→ **Exercise directions**:
Line by line, set down all the data below exactly, omitting any picture.

→ **Task inputs**:

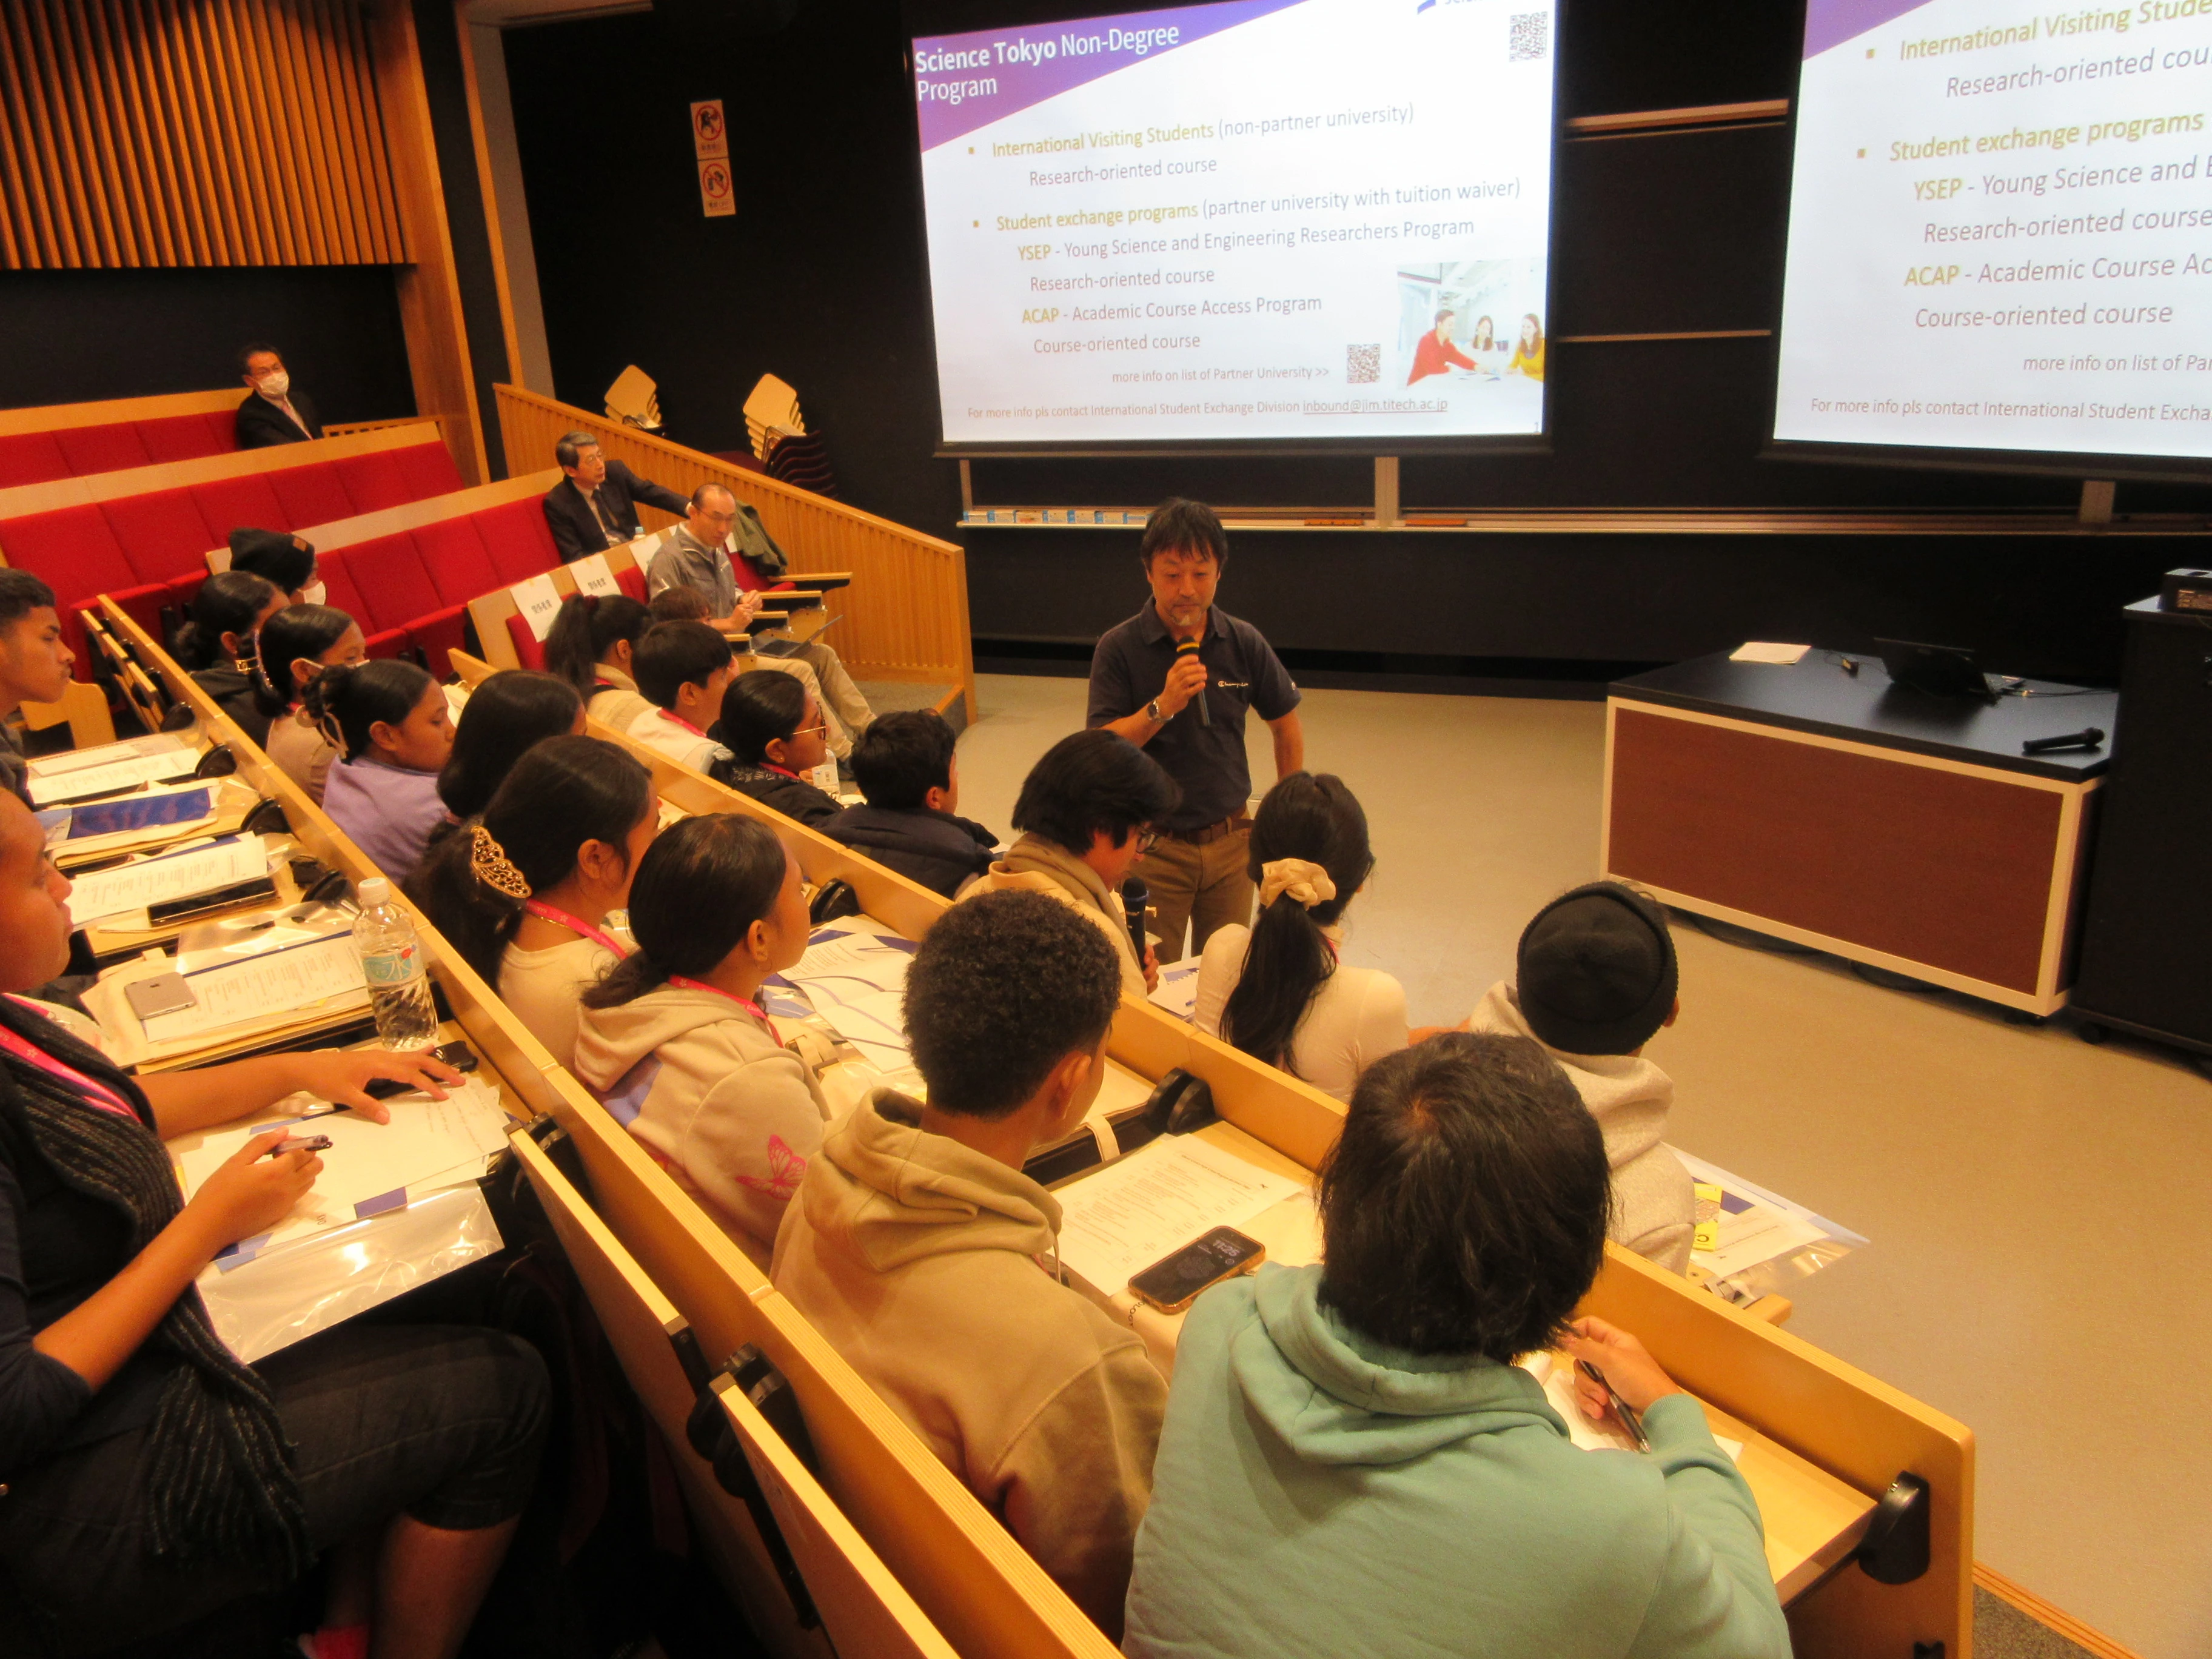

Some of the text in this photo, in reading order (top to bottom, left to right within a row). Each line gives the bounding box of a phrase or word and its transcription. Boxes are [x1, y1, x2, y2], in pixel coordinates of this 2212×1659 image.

[916, 25, 1179, 73] Science Tokyo Non-Degree
[1900, 16, 2038, 61] International
[2045, 8, 2133, 38] Visiting
[1947, 47, 2212, 98] Research-oriented cou
[918, 76, 997, 105] Program
[992, 102, 1414, 158] International Visiting Students (non-partner university)
[1889, 113, 2204, 162] Student exchange programs
[1030, 158, 1218, 186] Research-oriented course
[1914, 179, 1962, 201] YSEP
[1982, 174, 2048, 196] Young
[2054, 166, 2142, 189] Science
[2151, 155, 2197, 181] and
[997, 176, 1521, 231] Student exchange programs (partner university with tuition waiver)
[1017, 244, 1051, 261] YSEP
[1064, 240, 1108, 259] Young
[1112, 238, 1167, 255] Science
[1171, 233, 1199, 250] and
[1204, 230, 1295, 251] Engineering
[1301, 224, 1398, 243] Researchers
[1404, 221, 1474, 240] Program
[1925, 208, 2212, 244] Research-oriented course
[1030, 269, 1214, 292] Research-oriented course
[1905, 265, 1960, 286] ACAP
[1977, 259, 2085, 283] Academic
[2093, 258, 2174, 278] Course
[2183, 253, 2212, 275] Ac
[1022, 308, 1059, 324] ACAP
[1072, 304, 1142, 321] Academic
[1146, 302, 1196, 318] Course
[1202, 299, 1251, 315] Access
[1256, 297, 1322, 315] Program
[1915, 302, 2173, 327] Course-oriented course
[1034, 334, 1201, 354] Course-oriented course
[1112, 371, 1139, 383] more
[1143, 369, 1163, 382] info
[1165, 372, 1178, 381] on
[1182, 369, 1197, 381] list
[1200, 368, 1211, 381] of
[1214, 367, 1253, 380] Partner
[1257, 366, 1312, 381] University
[2023, 354, 2212, 371] more info on list of Par
[968, 397, 1448, 420] For more info pls contact International Student Exchange Division inbound@jim.titech.ac.jp
[1812, 398, 2212, 421] For more info pls contact International Student Excha
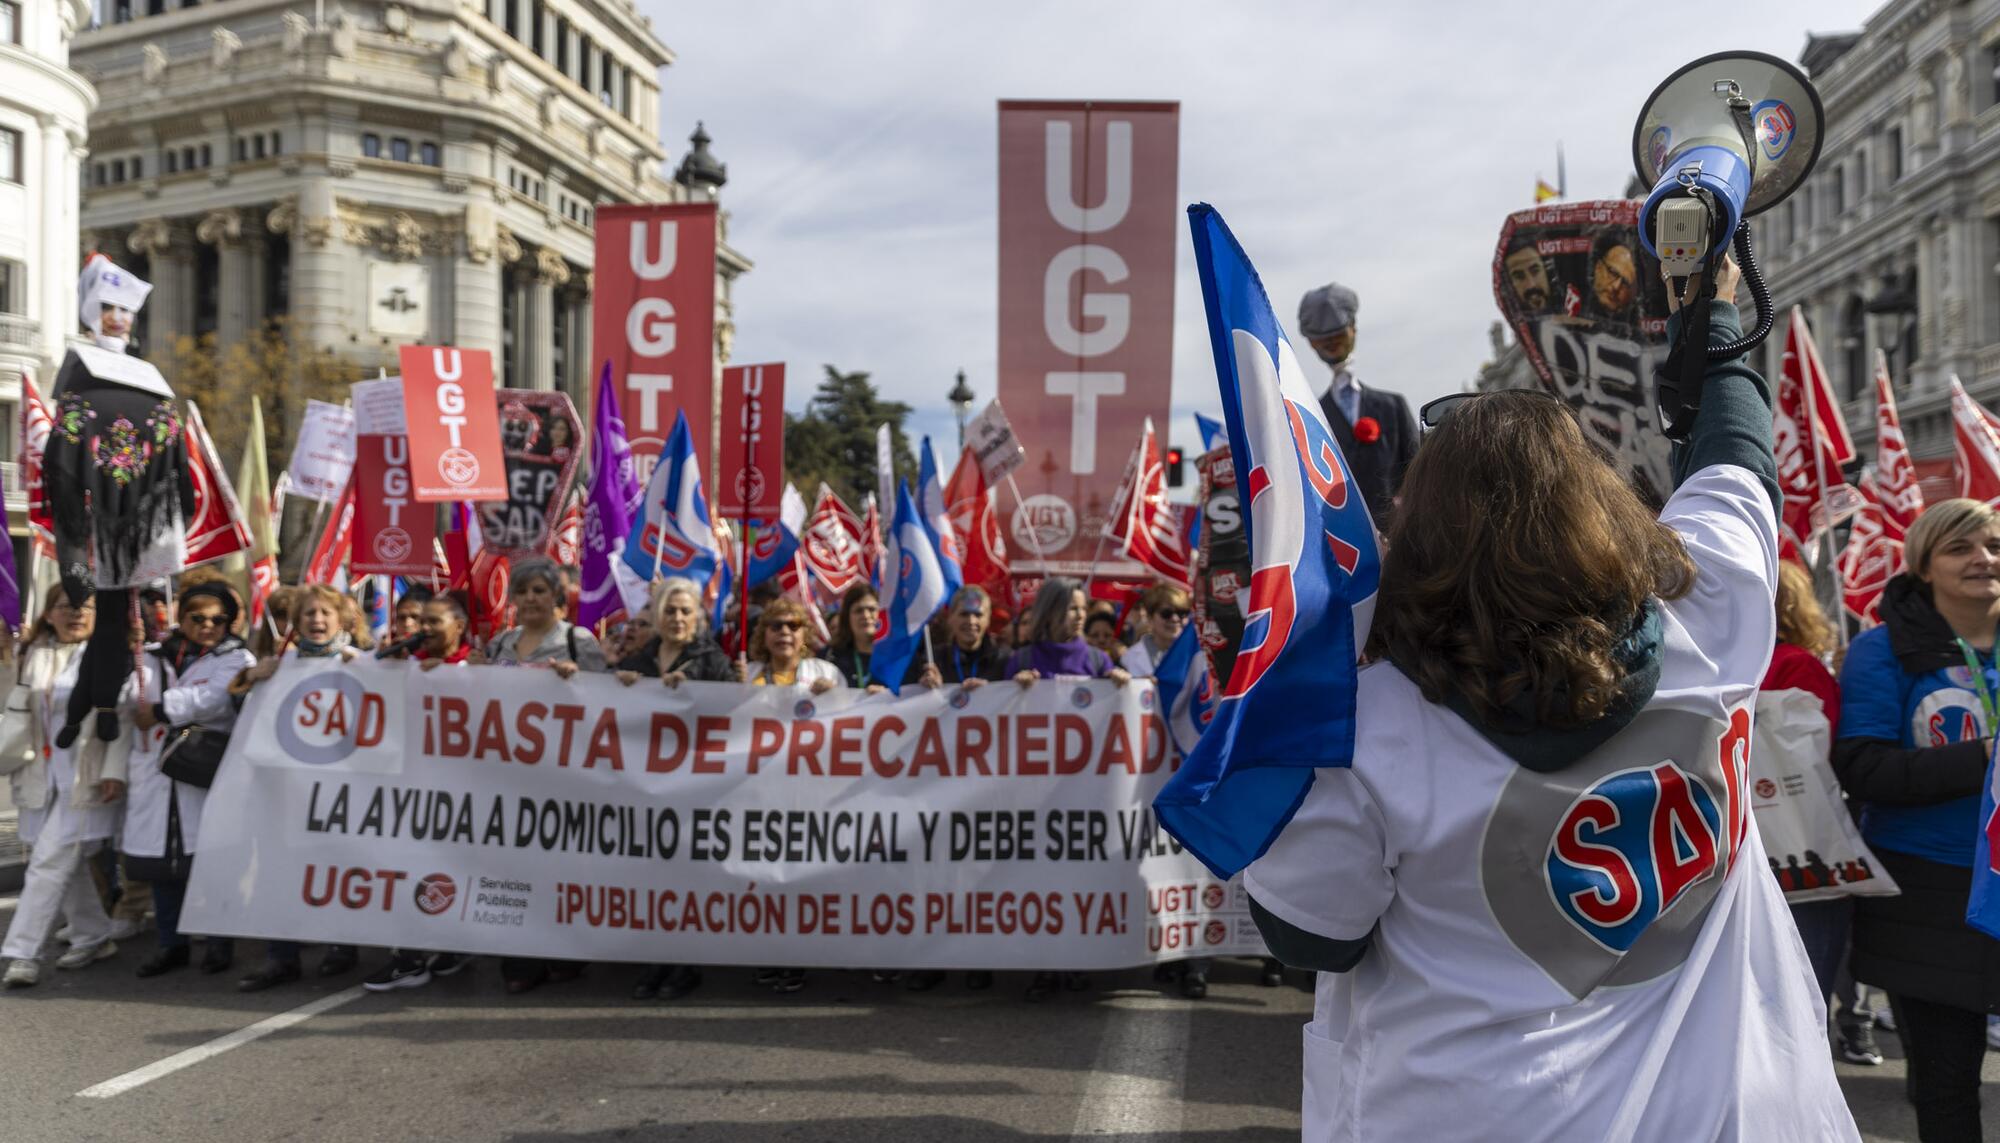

→ **Exercise output**:
Some of the text in this photo, in reading order (top to bottom, left to right within a row). Each line gives the bounding box of a phrase or word and its transcription. Boxes are [x1, y1, x2, y2], in pixel coordinates of this 2212×1659 image.

[916, 25, 1179, 73] Science Tokyo Non-Degree
[1900, 16, 2038, 61] International
[2045, 8, 2133, 38] Visiting
[1947, 47, 2212, 98] Research-oriented cou
[918, 76, 997, 105] Program
[992, 102, 1414, 158] International Visiting Students (non-partner university)
[1889, 113, 2204, 162] Student exchange programs
[1030, 158, 1218, 186] Research-oriented course
[1914, 179, 1962, 201] YSEP
[1982, 174, 2048, 196] Young
[2054, 166, 2142, 189] Science
[2151, 155, 2197, 181] and
[997, 176, 1521, 231] Student exchange programs (partner university with tuition waiver)
[1017, 244, 1051, 261] YSEP
[1064, 240, 1108, 259] Young
[1112, 238, 1167, 255] Science
[1171, 233, 1199, 250] and
[1204, 230, 1295, 251] Engineering
[1301, 224, 1398, 243] Researchers
[1404, 221, 1474, 240] Program
[1925, 208, 2212, 244] Research-oriented course
[1030, 269, 1214, 292] Research-oriented course
[1905, 265, 1960, 286] ACAP
[1977, 259, 2085, 283] Academic
[2093, 258, 2174, 278] Course
[2183, 253, 2212, 275] Ac
[1022, 308, 1059, 324] ACAP
[1072, 304, 1142, 321] Academic
[1146, 302, 1196, 318] Course
[1202, 299, 1251, 315] Access
[1256, 297, 1322, 315] Program
[1915, 302, 2173, 327] Course-oriented course
[1034, 334, 1201, 354] Course-oriented course
[1112, 371, 1139, 383] more
[1143, 369, 1163, 382] info
[1165, 372, 1178, 381] on
[1182, 369, 1197, 381] list
[1200, 368, 1211, 381] of
[1214, 367, 1253, 380] Partner
[1257, 366, 1312, 381] University
[2023, 354, 2212, 371] more info on list of Par
[968, 397, 1448, 420] For more info pls contact International Student Exchange Division inbound@jim.titech.ac.jp
[1812, 398, 2212, 421] For more info pls contact International Student Excha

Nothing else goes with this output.